A professor from the University of Saskatchewan says a lot of questions need to be answered before a working definition of who and who isn’t Metis gets resolved.

Marilyn Poitras gave testimony yesterday at a Standing Senate Committee on Aboriginal Peoples hearing in Saskatoon.

For 15 years, Poitras has worked on Metis election and constitutional issues.

She says one question worth asking is what happens to a person who is considered a “6(1)” or “6(2)” under the Indian Act — if they happen to lose their status:

“Will you move back into the Metis family?  What will happen with that?  Because there’s a hierarchy.  I think we would be in denial if we didn’t deal with the fact that there are a lot of Metis people, that are termed “Metis”, that are trying to get on a First Nation’s registry because they’ve been denied that historically — and they see that that’s a much more solid way to prove your identity.  So, I just say all of this in terms of how complex this is.”

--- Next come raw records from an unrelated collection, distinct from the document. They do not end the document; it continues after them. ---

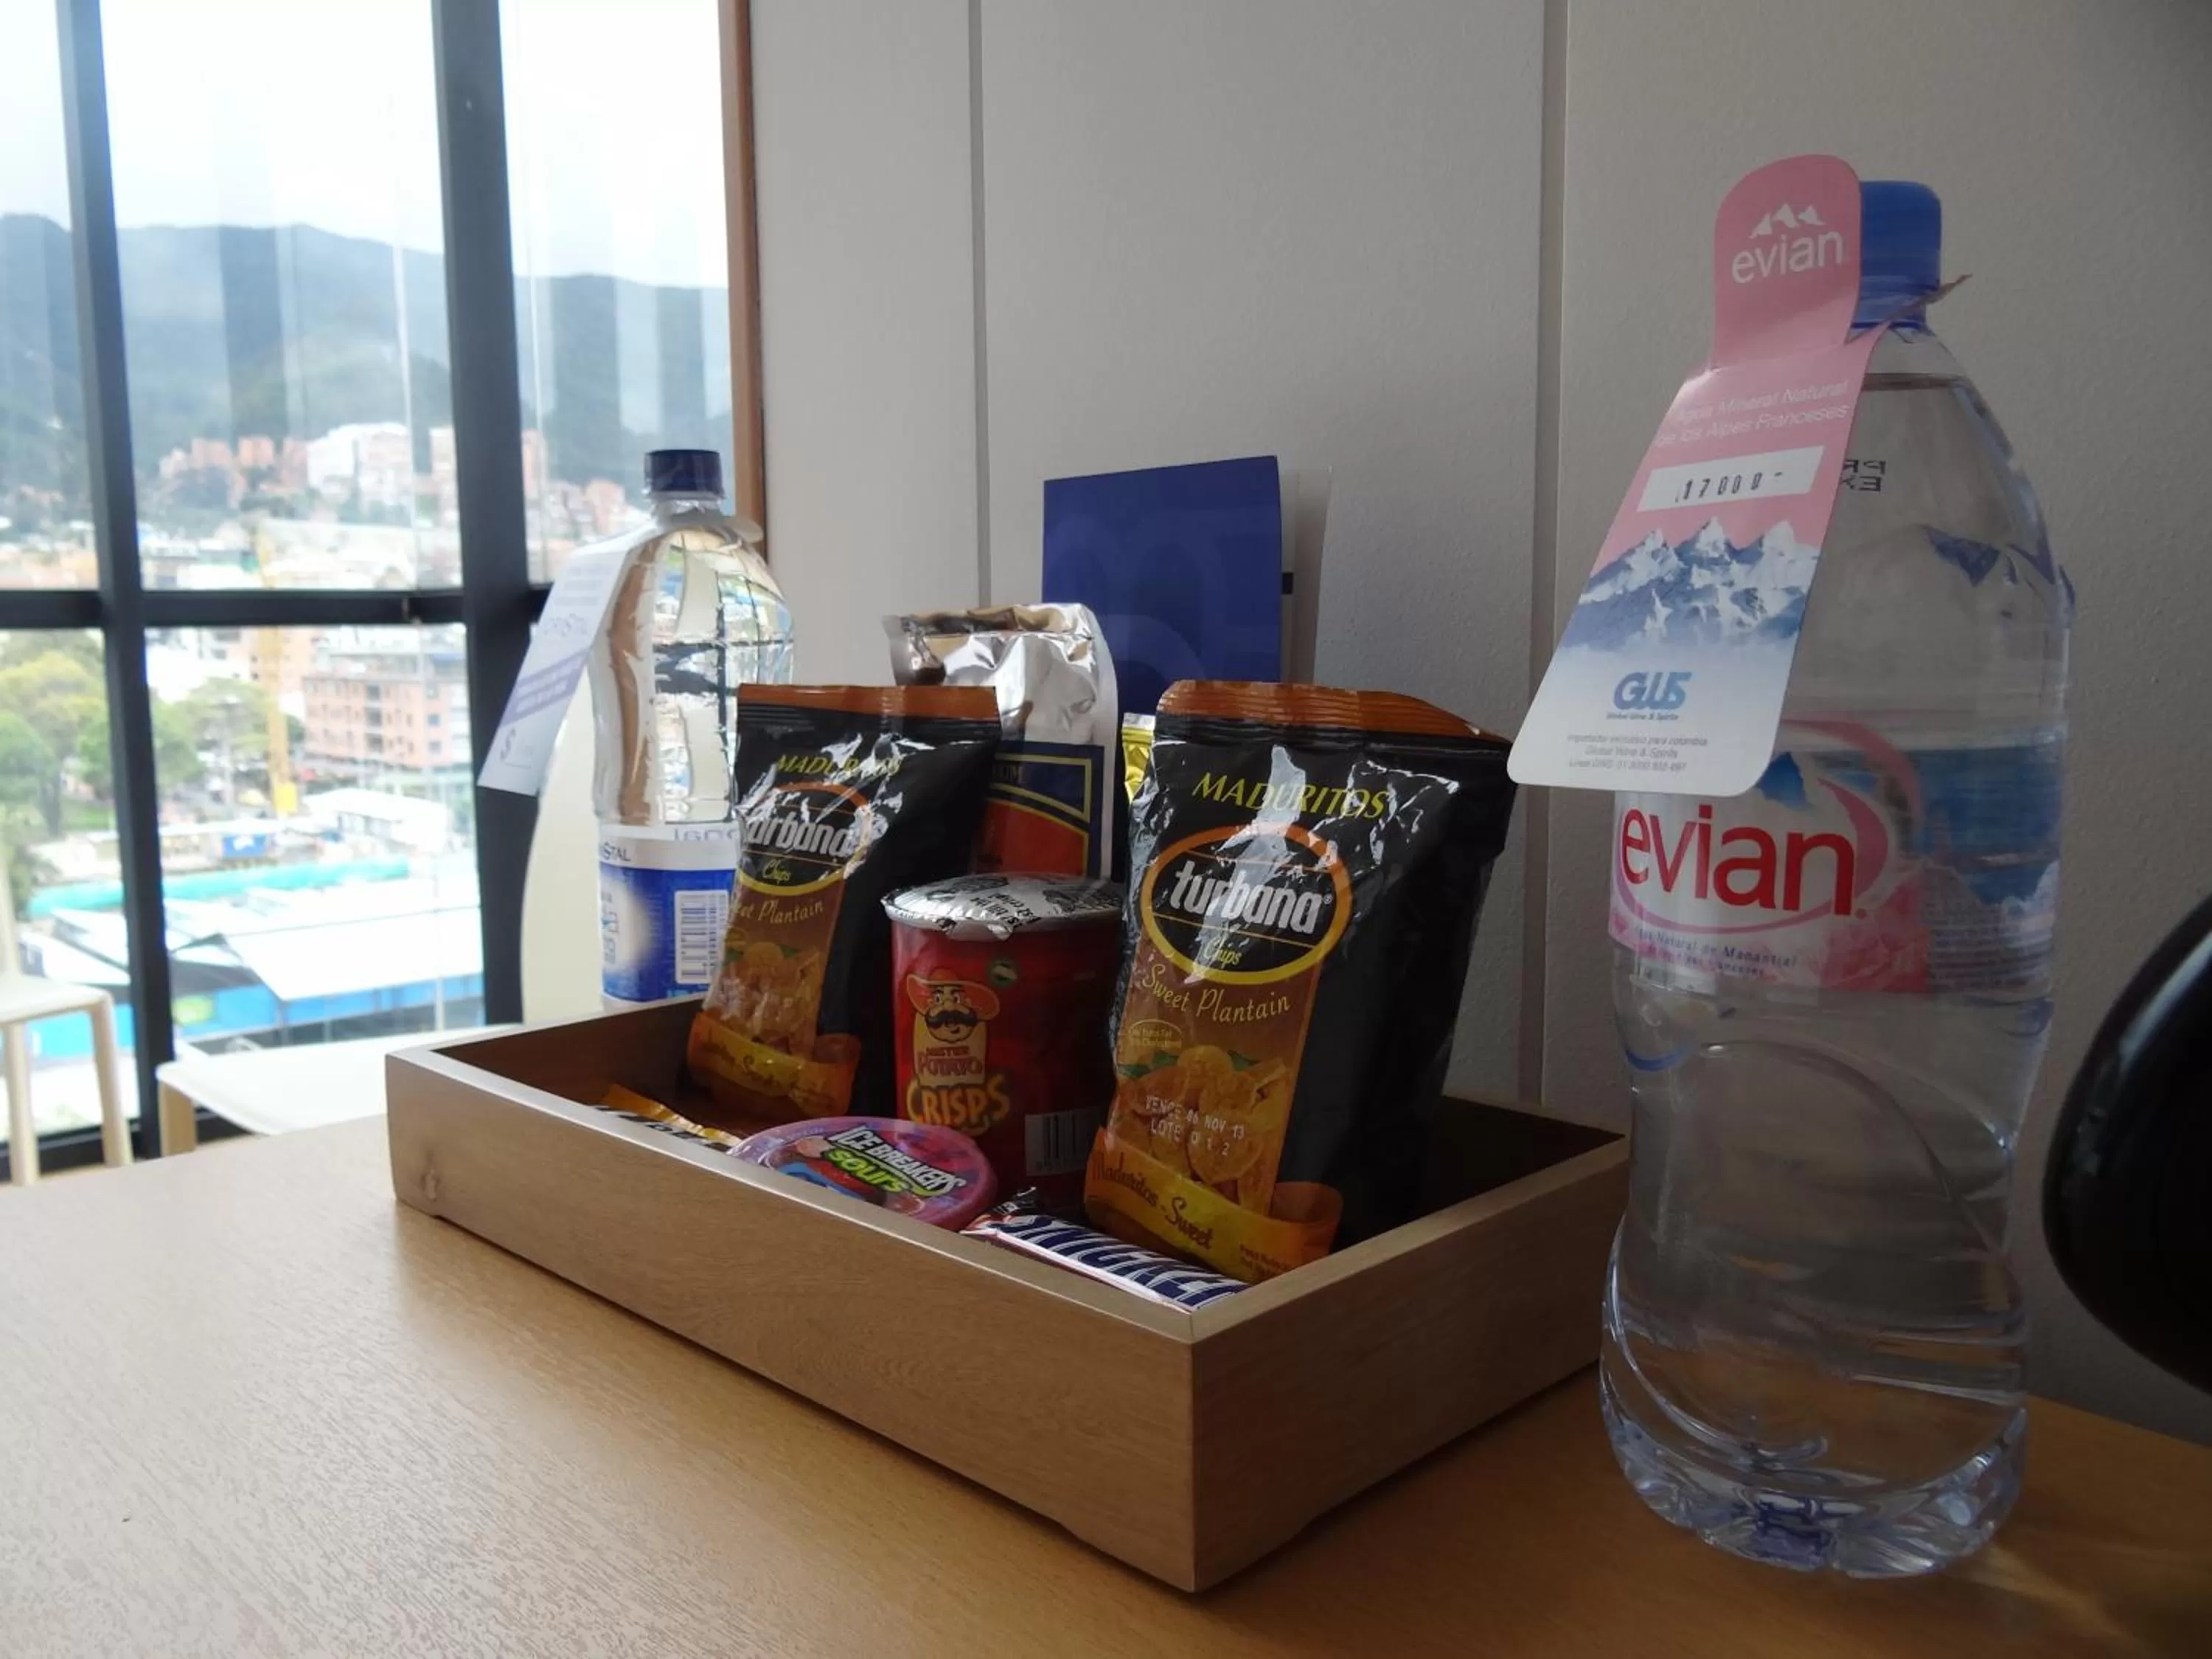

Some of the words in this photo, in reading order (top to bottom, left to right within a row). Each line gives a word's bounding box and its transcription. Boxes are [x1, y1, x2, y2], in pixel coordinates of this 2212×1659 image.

[1733, 231, 1843, 284] evian
[1782, 380, 1848, 403] Natural
[1191, 772, 1389, 818] MADURITOS
[1621, 804, 1855, 917] evian
[757, 898, 824, 924] Plantain
[1169, 860, 1324, 935] turbana
[1142, 963, 1190, 1013] Sweet
[1195, 988, 1291, 1023] Plantain
[906, 1073, 1011, 1127] CRISPS
[827, 1125, 876, 1152] ICE
[869, 1141, 967, 1190] BREAKERS
[1164, 1196, 1215, 1251] Sweet

Poitras says she hopes the decision of who and who isn’t Metis comes from the grassroots.

Meanwhile, a professor from the University of Saskatchewan’s College of Medicine is raising a cautionary tale about shady applications by people who may be posing as Metis students.

Valerie Arnault-Pelletier is the Aboriginal coordinator at the college.

Arnault-Pelletier says 10 “equity seats” at her school have been set aside for Aboriginal students.

But she says the lack of a specific definition for Metis identity can cloud the decision-making process:

“The applicants to our college provided cards that were issued by organizations that could also issue membership or affiliate cards.  And these cards could be purchased for a cost for anyone who wished to belong to their organization.  So, you wouldn’t have to be an Aboriginal person to get one of these cards.”

She says, in the past, the college has accepted cards from Metis locals — as well as letters and genealogical charts — to determine who qualifies.

Arnault-Pelletier says one of the red flags that went up was when they looked at the Internet card and it referred to Metis groups as “tribes”.